Collected data:
*** Begin section ***
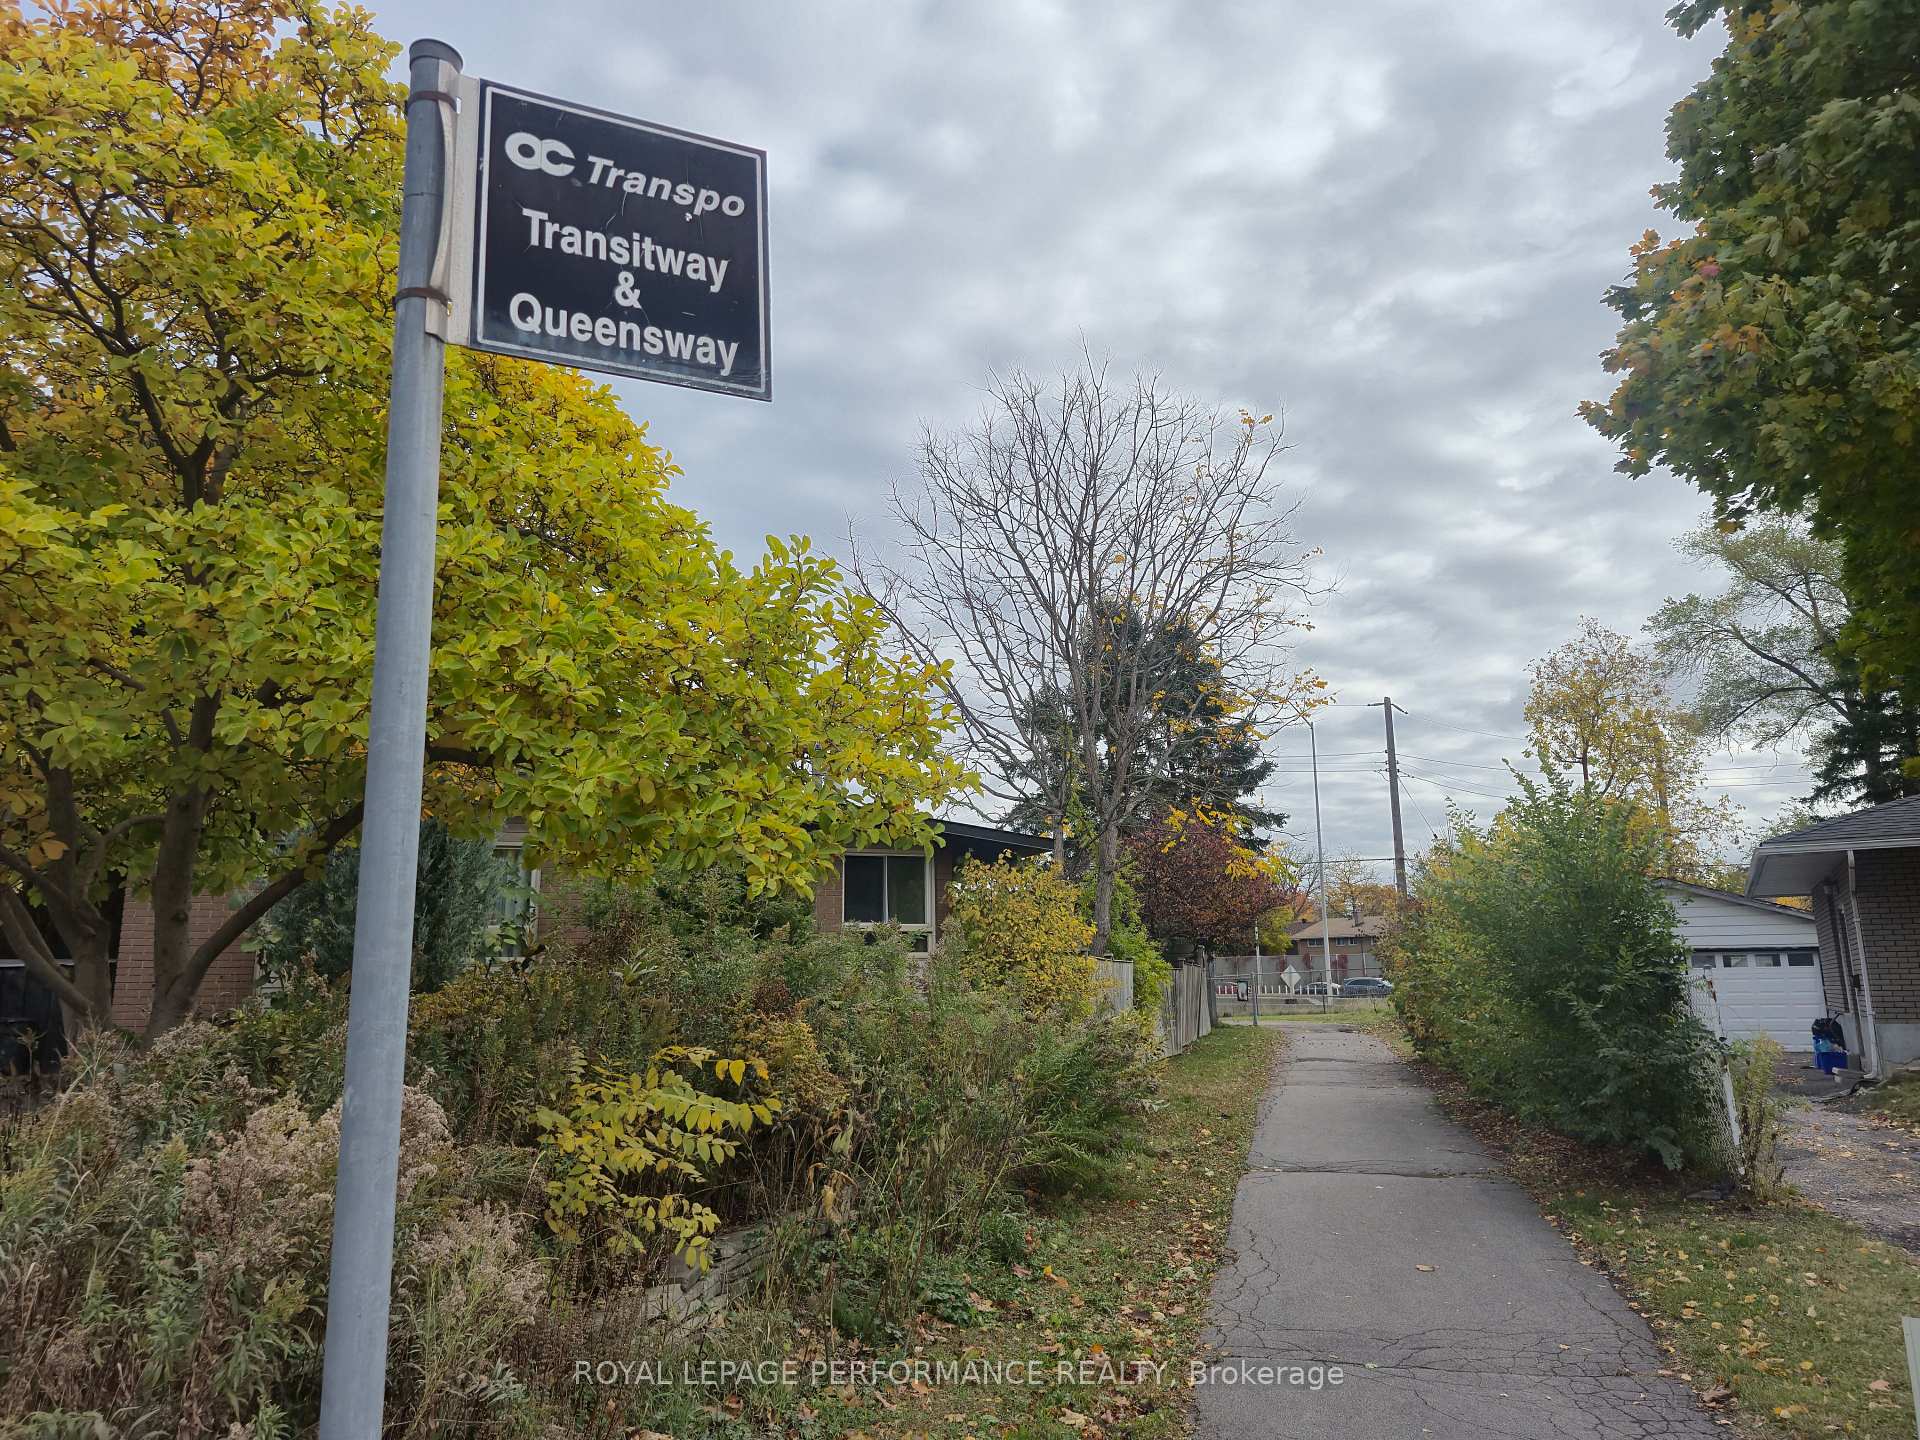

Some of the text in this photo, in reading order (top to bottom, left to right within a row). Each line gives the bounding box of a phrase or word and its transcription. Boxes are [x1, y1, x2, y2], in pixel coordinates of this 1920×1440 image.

[505, 132, 745, 216] OC Transpo
[521, 208, 730, 293] Transitway
[614, 271, 641, 309] &
[509, 292, 739, 377] Queensway
*** End section ***
> **GOAL OF THE EXERCISE**
Your copy of the records must be exact and must contain no pictures.

> **EXPECTED ANSWER**
Some of the text in this photo, in reading order (top to bottom, left to right within a row). Each line gives the bounding box of a phrase or word and its transcription. Boxes are [x1, y1, x2, y2], in pixel coordinates of this 1920×1440 image.

[505, 132, 745, 216] OC Transpo
[521, 208, 730, 293] Transitway
[614, 271, 641, 309] &
[509, 292, 739, 377] Queensway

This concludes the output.